With the images removed, return every line below exactly as it reads.

>>

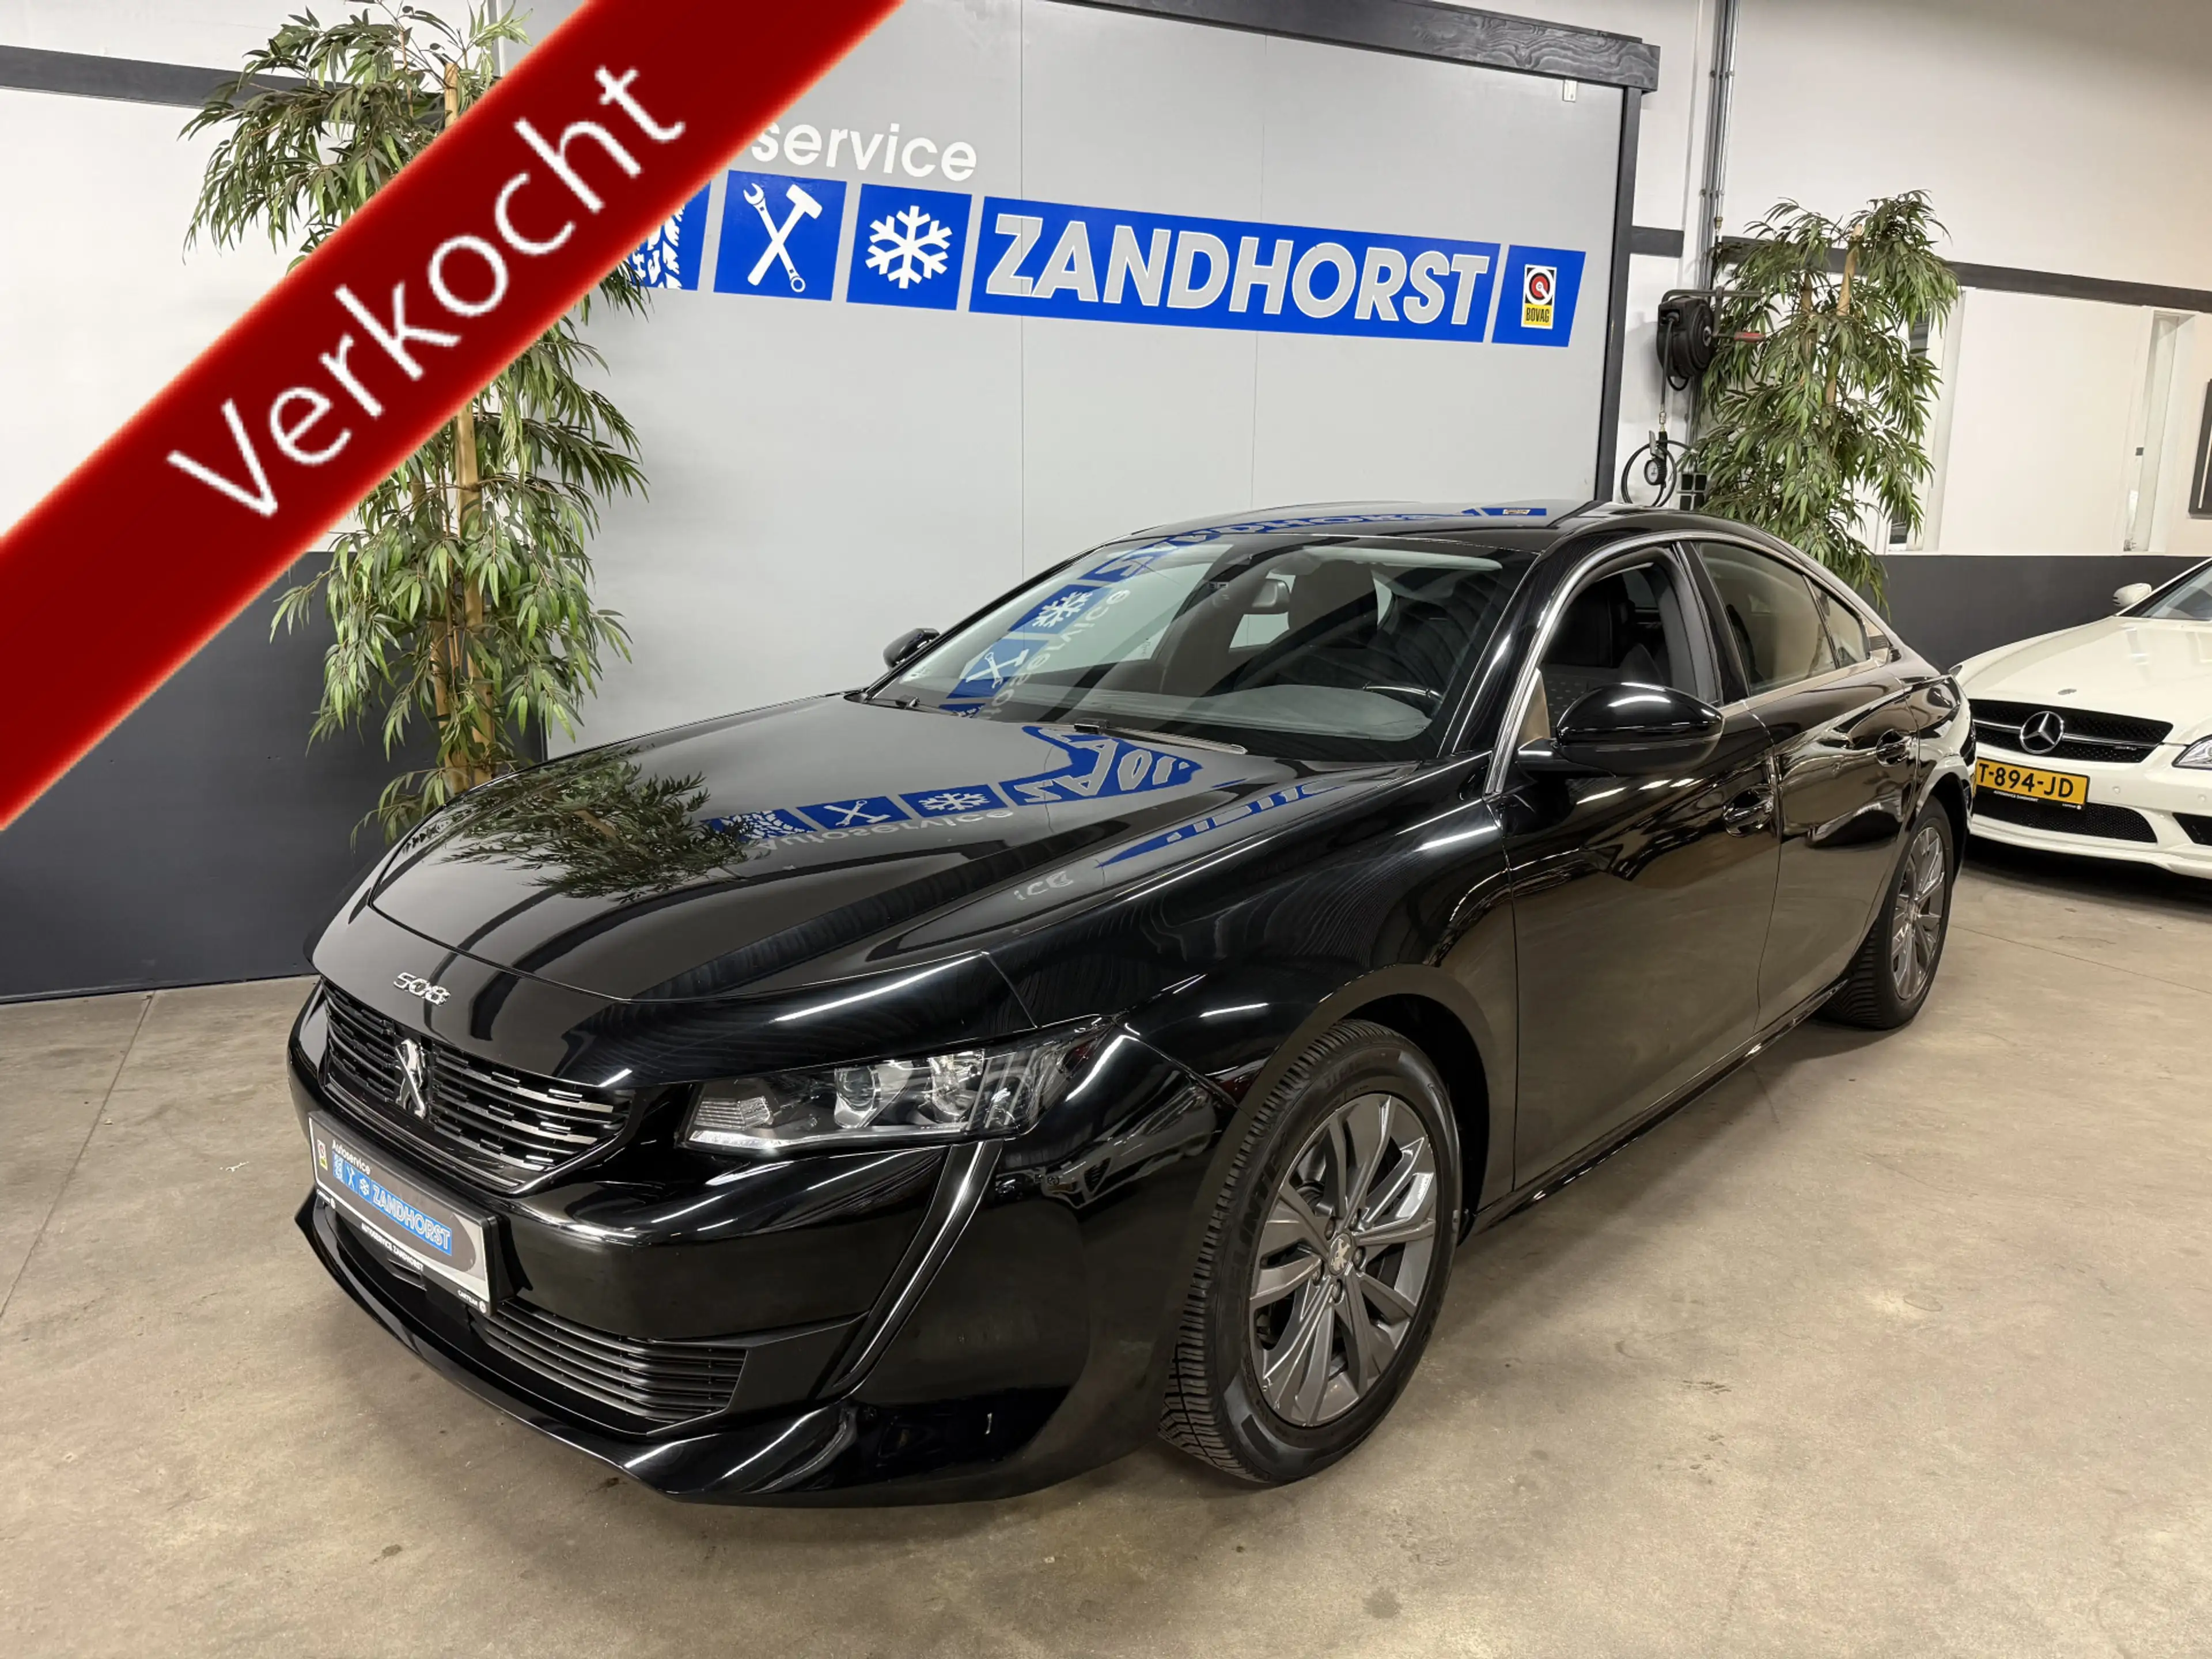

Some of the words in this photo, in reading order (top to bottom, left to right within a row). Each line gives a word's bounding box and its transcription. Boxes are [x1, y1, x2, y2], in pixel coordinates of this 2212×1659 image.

[985, 213, 1490, 325] ZANDHORST
[1526, 307, 1550, 323] BOVAG
[1978, 763, 2074, 798] T-894-JD
[393, 972, 451, 1005] 508
[332, 1139, 371, 1175] Autoservice
[373, 1184, 450, 1249] ZANDHORST

<<

__SOLVED EXERCISE__.
Some of the words in this photo, in reading order (top to bottom, left to right within a row). Each line gives a word's bounding box and its transcription. Boxes are [x1, y1, x2, y2], in pixel coordinates of this 2212×1659 image.

[985, 213, 1490, 325] ZANDHORST
[1526, 307, 1550, 323] BOVAG
[1978, 763, 2074, 798] T-894-JD
[393, 972, 451, 1005] 508
[332, 1139, 371, 1175] Autoservice
[373, 1184, 450, 1249] ZANDHORST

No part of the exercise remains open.